Published online by Cambridge University Press: 19 May 2010
Abstract
For every finite group G and every prime p, ip(G) ≤ 3, where ip(G) denotes the smallest number of Sylow p-subgroups of G whose intersection coincides with the intersection of all Sylow p-subgroups of G. For all simple groups (G, ip(G) ≤ 2.
Introduction
Let G be a finite group and p be a prime. Denote by Op(G) the intersection of all Sylow p-subgroups of G and by ip(G) the smallest number i such that Op(G) is equal to the intersection of i Sylow p-subgroups. Obviously, ip(G) = 1 if and only if G has an unique Sylow p-subgroup. J. Brodkey [2] proved that ip(G) ≤ 2 if a Sylow p-subgroup of G is abelian and N. Ito [5] found sufficient conditions for a finite solvable group to satisfy ip(G) ≤ 2.
This paper discuss some recent results in this direction. The main theorems are the following:
Theorem 1 [10] If G is a simple non-abelian group then ip(G) = 2 for every prime p dividing the order of G.
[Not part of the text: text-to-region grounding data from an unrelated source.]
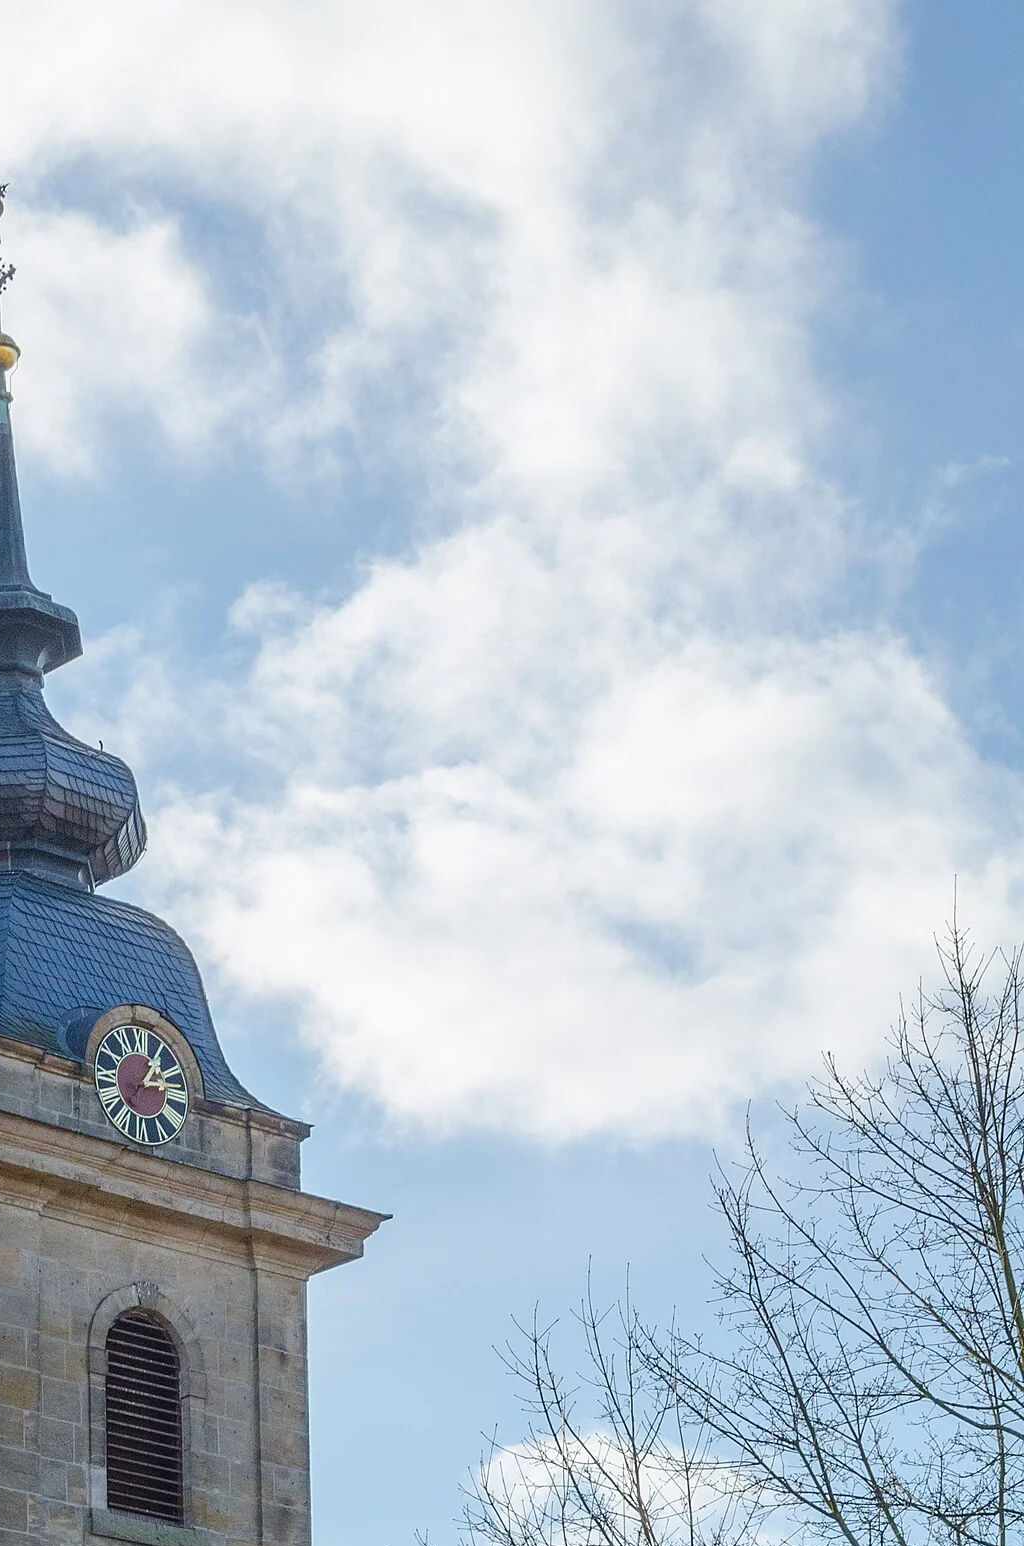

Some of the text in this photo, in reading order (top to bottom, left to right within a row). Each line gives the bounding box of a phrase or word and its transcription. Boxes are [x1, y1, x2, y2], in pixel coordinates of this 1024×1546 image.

[100, 1042, 121, 1064] X
[162, 1064, 181, 1078] II
[155, 1117, 169, 1141] V
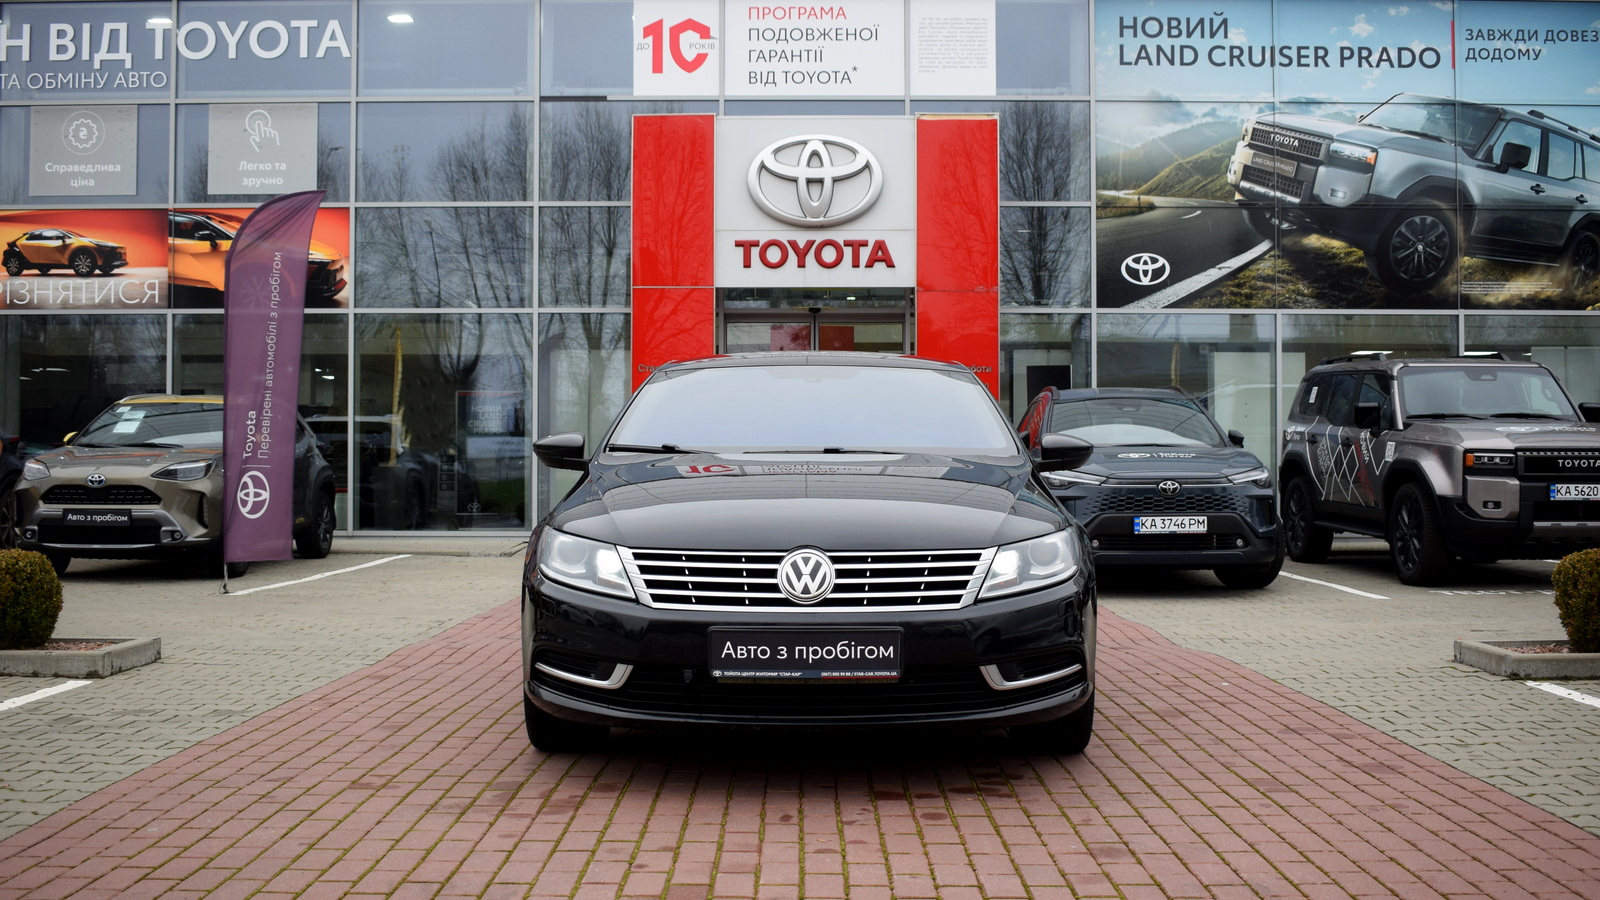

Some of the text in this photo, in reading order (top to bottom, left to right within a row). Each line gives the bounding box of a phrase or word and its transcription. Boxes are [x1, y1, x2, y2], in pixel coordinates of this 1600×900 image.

[748, 6, 847, 20] ПРОГРАМА
[748, 24, 879, 42] ПОДОВЖЕНОЇ
[1119, 11, 1229, 39] НОВИЙ
[1465, 28, 1539, 42] ЗАВЖДИ
[49, 22, 133, 69] ВІД
[146, 19, 352, 60] TOYOTA
[636, 43, 650, 51] ДО
[748, 46, 824, 63] ГАРАНТІЇ
[1119, 44, 1442, 69] LAND CRUISER PRADO
[1465, 48, 1542, 63] ДОДОМУ
[27, 71, 109, 90] ОБМІНУ
[113, 71, 167, 88] АВТО
[748, 70, 777, 87] ВІД
[1270, 133, 1299, 147] TOYOTA
[45, 162, 121, 174] Справедлива
[239, 161, 287, 171] Легко та
[70, 176, 95, 188] ціна
[241, 177, 283, 187] зручно
[734, 238, 896, 269] TOYOTA
[269, 252, 282, 309] пробігом
[265, 321, 277, 387] автомобілі
[257, 391, 273, 459] Перевірені
[242, 410, 256, 459] Toyota
[1556, 486, 1599, 497] KA 5620
[67, 513, 85, 521] Авто
[92, 513, 128, 522] пробігом
[1141, 518, 1206, 529] KA 3746 PM
[721, 641, 894, 664] Авто з пробігом
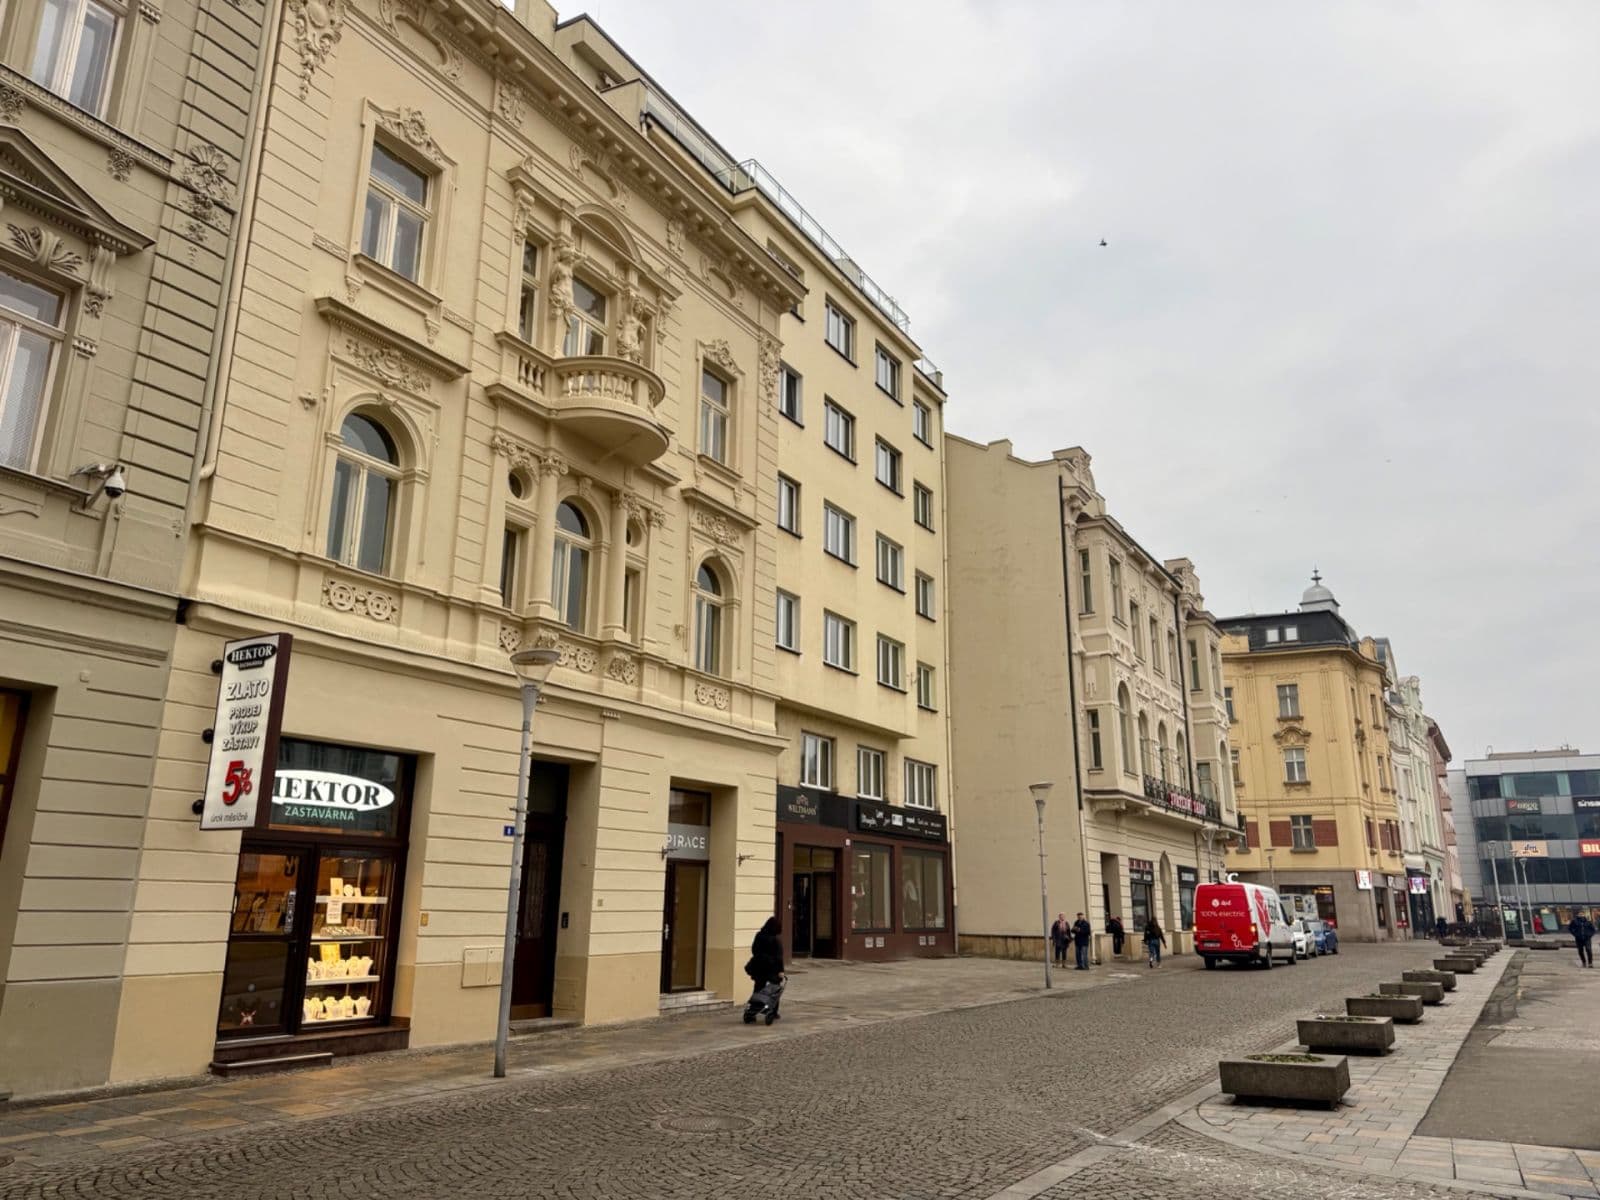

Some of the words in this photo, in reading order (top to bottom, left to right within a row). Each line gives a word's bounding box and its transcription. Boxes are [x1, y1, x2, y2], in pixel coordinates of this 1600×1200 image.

[231, 645, 273, 662] HEKTOR
[225, 680, 270, 701] ZLATO
[222, 760, 253, 807] 5%
[284, 806, 355, 821] ZASTAVÁRNA
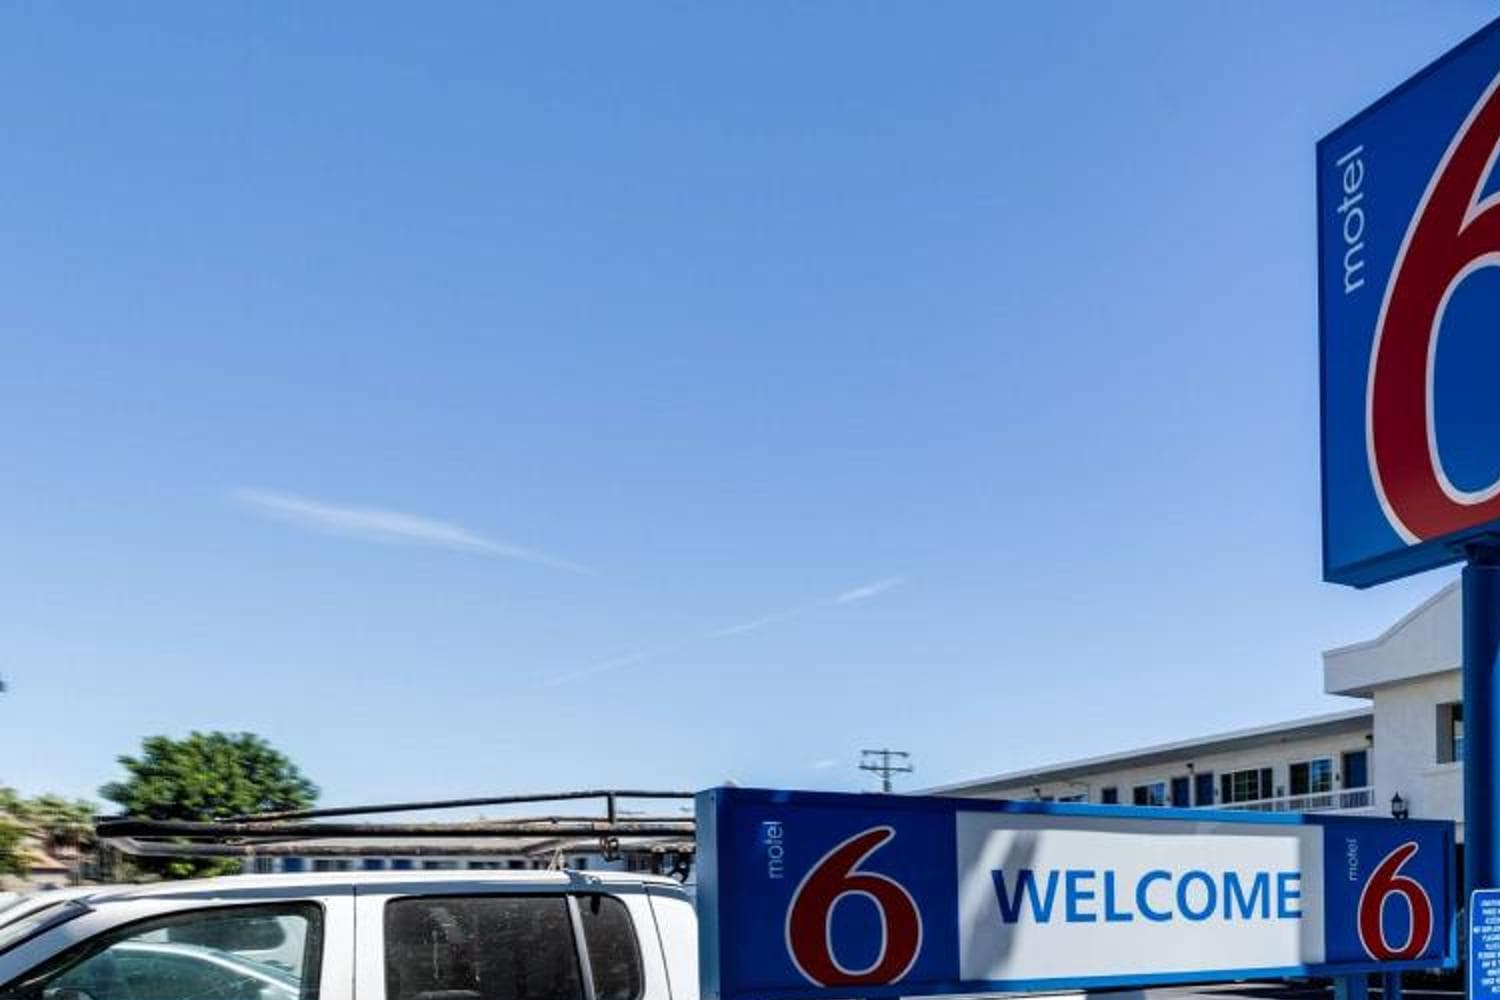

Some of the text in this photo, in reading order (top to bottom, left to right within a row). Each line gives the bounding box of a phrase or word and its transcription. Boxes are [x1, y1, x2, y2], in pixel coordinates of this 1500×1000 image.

Theorem 2 [9] For every finite group G and every prime p, ip(G) ≤ 3.
Section 2 contains a sketch of a proof of Theorem 1 which uses the Classification of Finite Simple Groups. Section 3 presents results about intersections of Sylow subgroups in arbitrary finite groups. We use the notation of the atlas [3].
Preliminary results
The following elementary results, the first of which is trivial, give a base for induction arguments in the proof of the main theorems of this paper.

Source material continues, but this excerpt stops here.